Vasilis Sioros, George Giannakopoulos, Vassileios Constantoudis

Abstract:
Modeling and simulation of roughness generation and functionality can be aided by synthesized nanorough surfaces that mimic real experimental ones. We can save time and resources in optimizing the linkages in the process-surface-functionality triangle if the synthesized samples are generated in a computationally inexpensive manner. Existing nanorough surface generation techniques presuppose that the structural feature space to be employed in the generation process may be identified. In many circumstances, however, this assumption cannot be safely confirmed. As a result, a data-driven approach appears to be a viable option worth considering. Generating synthesized nanorough surfaces in the context of a multi-physics simulation requires (1) identifying the structural feature space so that the generation of new nanorough surfaces is possible and (2) the generation process to be property-preserving.

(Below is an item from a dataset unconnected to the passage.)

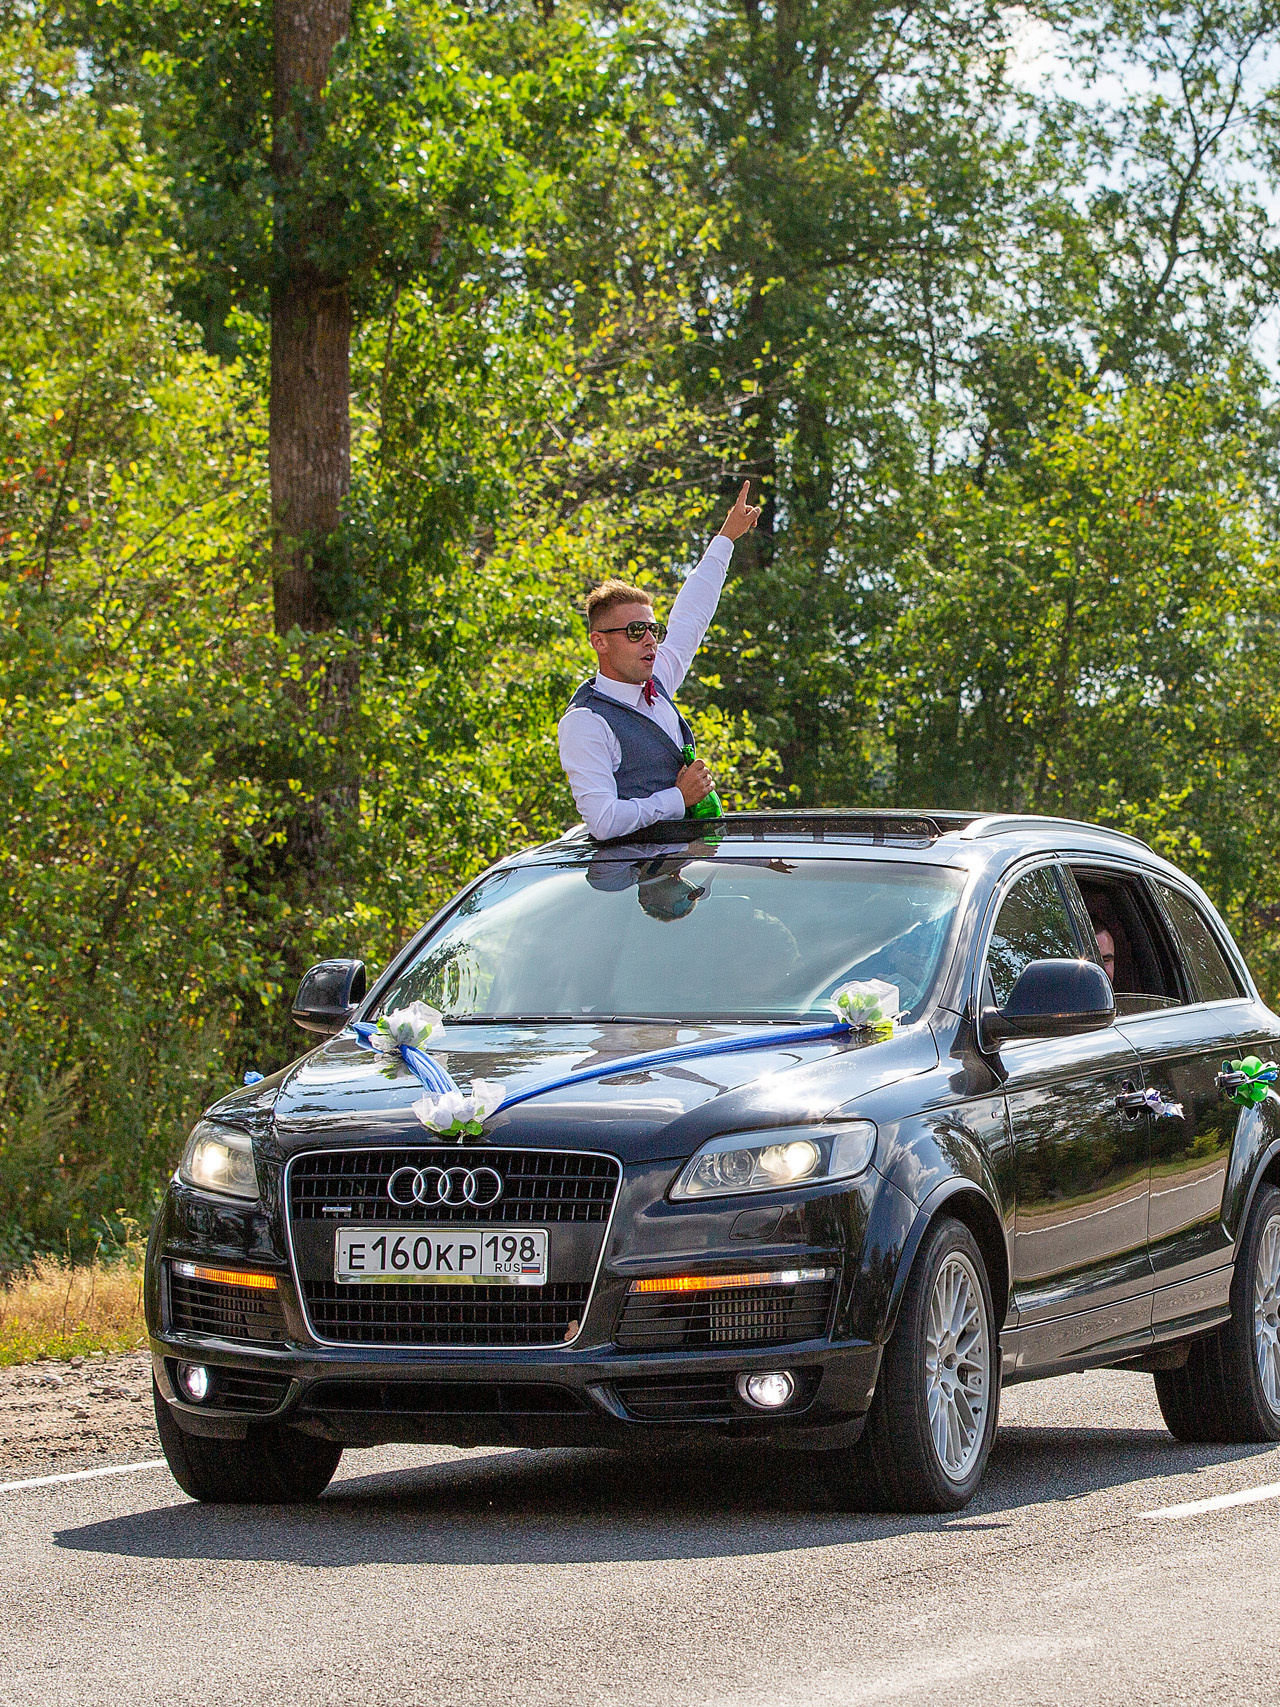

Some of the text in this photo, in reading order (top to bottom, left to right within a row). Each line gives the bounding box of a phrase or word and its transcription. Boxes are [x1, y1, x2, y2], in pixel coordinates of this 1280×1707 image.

[348, 1236, 535, 1271] E160KP 198
[494, 1263, 521, 1273] RUS

In this work, we present methods for integrating new nanorough surfaces similar to a preset sample of surfaces into multi-physics simulations in a computationally inexpensive fashion. We look at how a Generative Adversarial Network (GAN)-based strategy, given a nanorough surface data set, may learn to produce nanorough surface samples that are statistically equivalent to the ones belonging to the training data set. We also look at how combining the GAN framework with a variety of nanorough similarity measures might improve the realisticity of the synthesized nanorough surfaces. We showcase via multiple experiments that our framework is able to produce sufficiently realistic nanorough surfaces, in many cases indistinguishable from real ones.